**Exercise details:** Copy out the entries that follow exactly, leaving every picture behind.

======== Extracted material ========

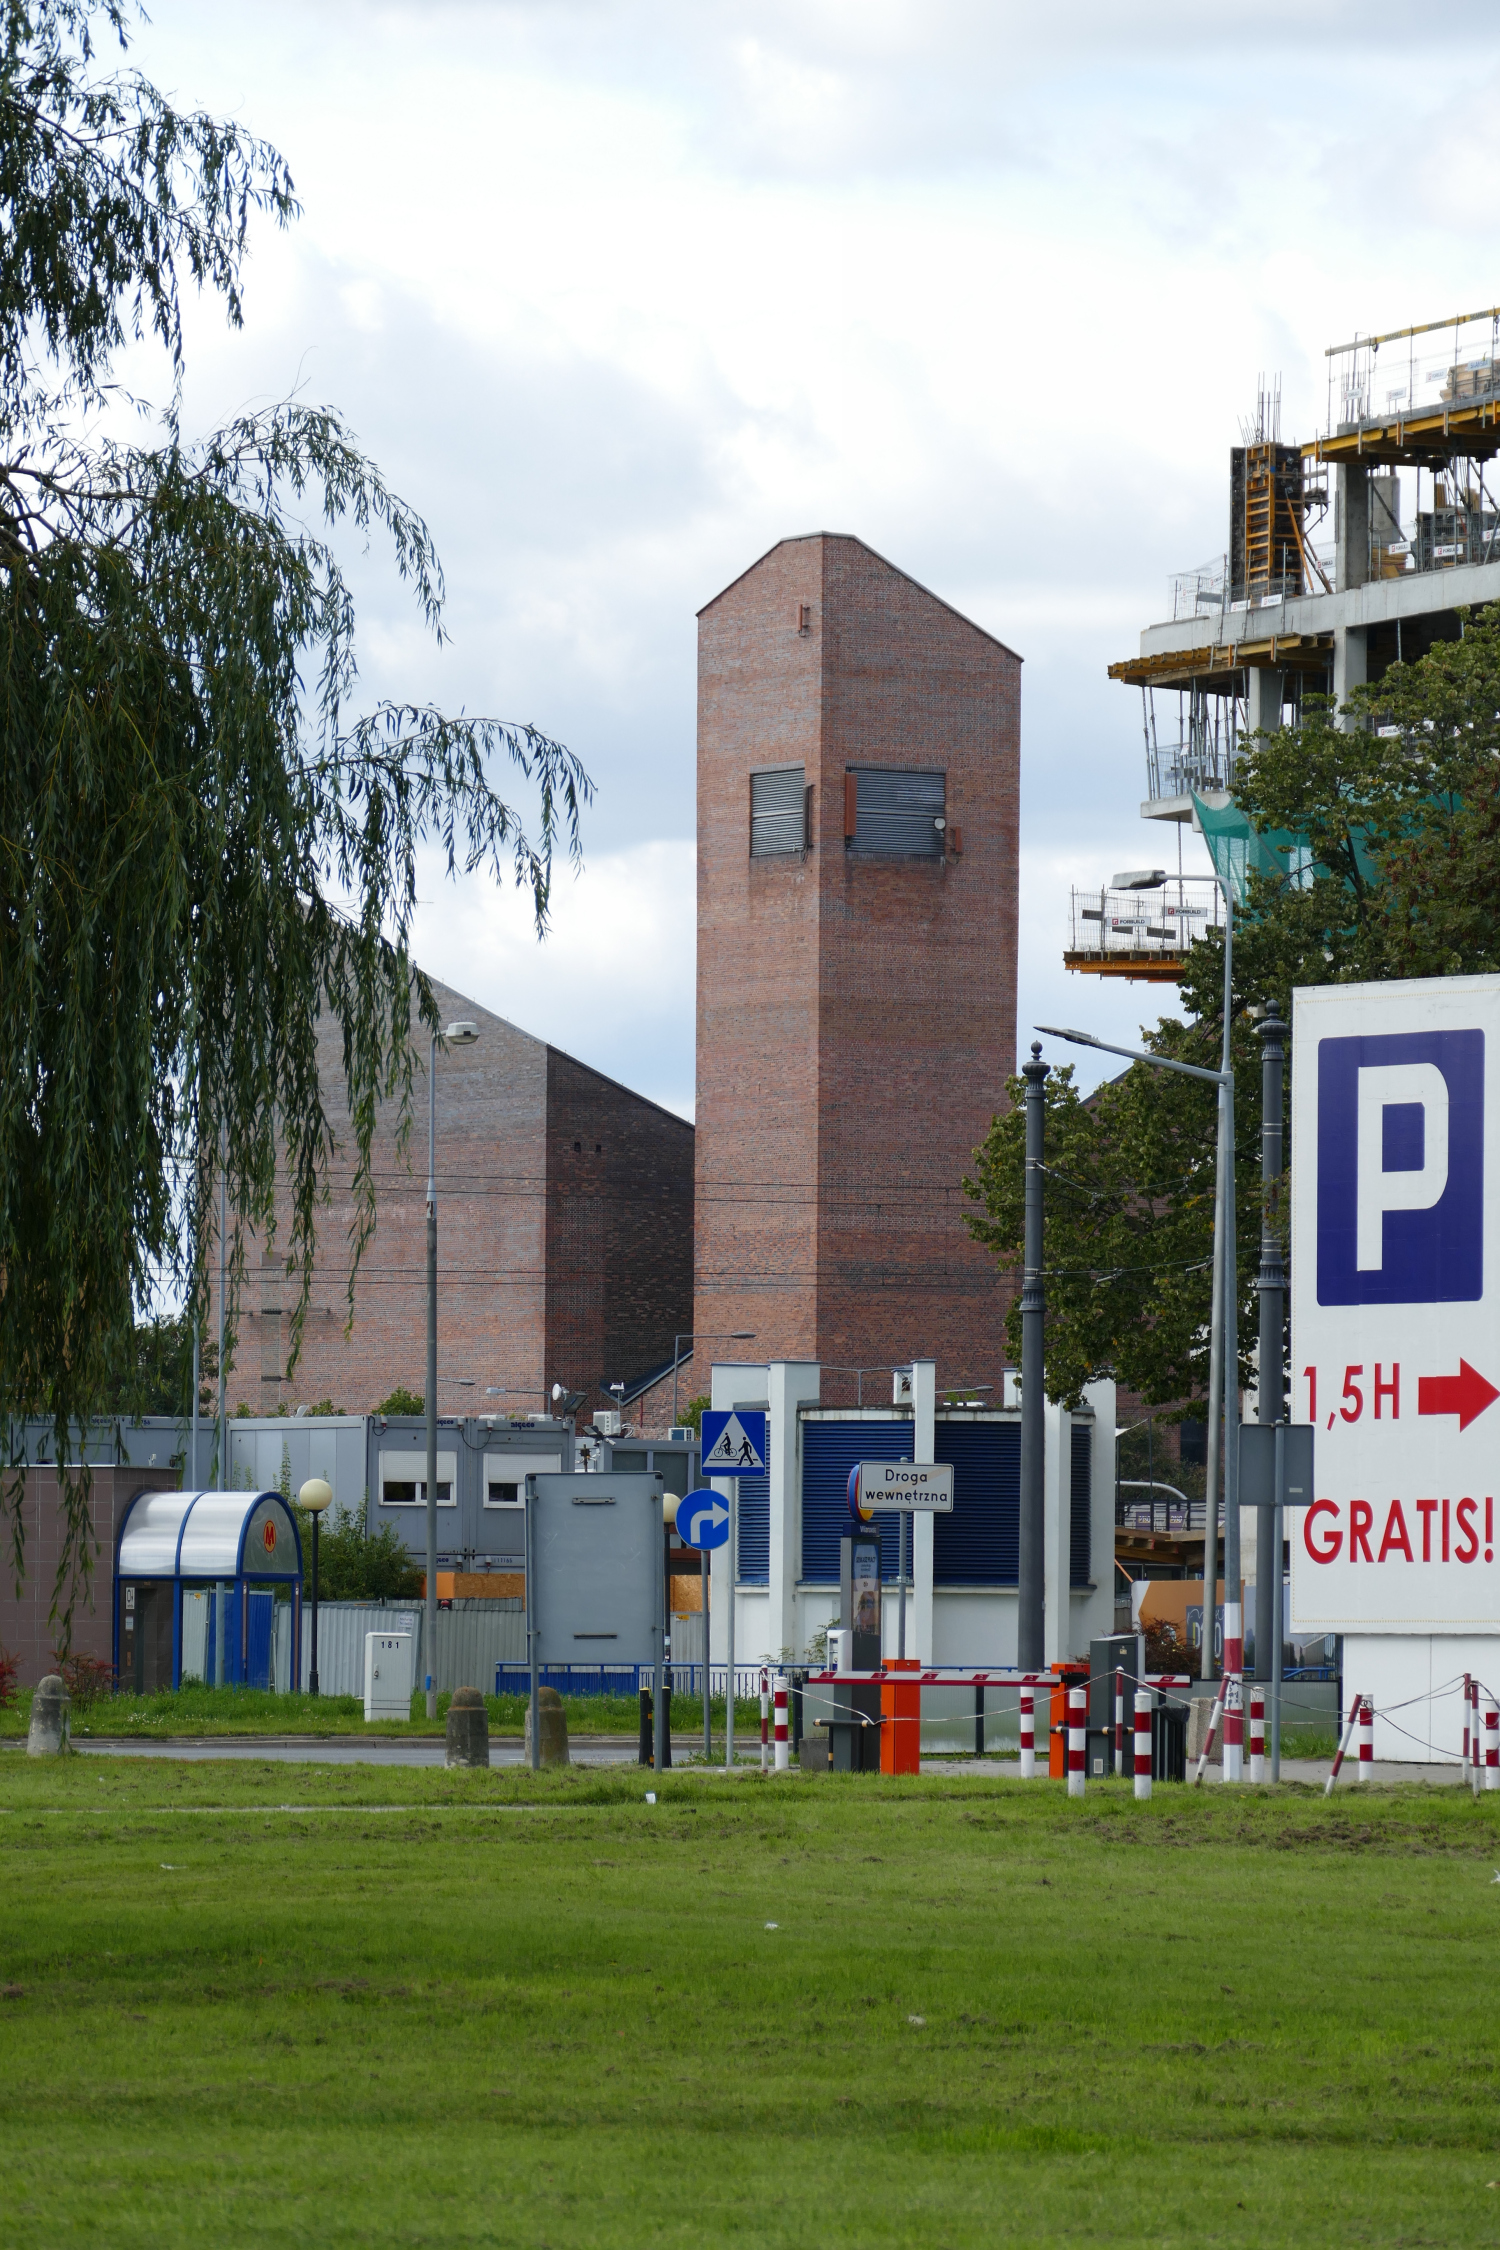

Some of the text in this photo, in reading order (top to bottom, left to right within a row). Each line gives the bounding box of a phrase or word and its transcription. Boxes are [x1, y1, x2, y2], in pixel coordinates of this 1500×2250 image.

[1357, 1062, 1449, 1272] P
[1303, 1362, 1400, 1431] 1,5H
[511, 1421, 535, 1430] algeco
[885, 1469, 928, 1486] Droga
[865, 1490, 948, 1504] wewnętrzna
[1303, 1496, 1494, 1565] GRATIS!
[381, 1640, 399, 1649] 181

========

**Task response:**
Some of the text in this photo, in reading order (top to bottom, left to right within a row). Each line gives the bounding box of a phrase or word and its transcription. Boxes are [x1, y1, x2, y2], in pixel coordinates of this 1500×2250 image.

[1357, 1062, 1449, 1272] P
[1303, 1362, 1400, 1431] 1,5H
[511, 1421, 535, 1430] algeco
[885, 1469, 928, 1486] Droga
[865, 1490, 948, 1504] wewnętrzna
[1303, 1496, 1494, 1565] GRATIS!
[381, 1640, 399, 1649] 181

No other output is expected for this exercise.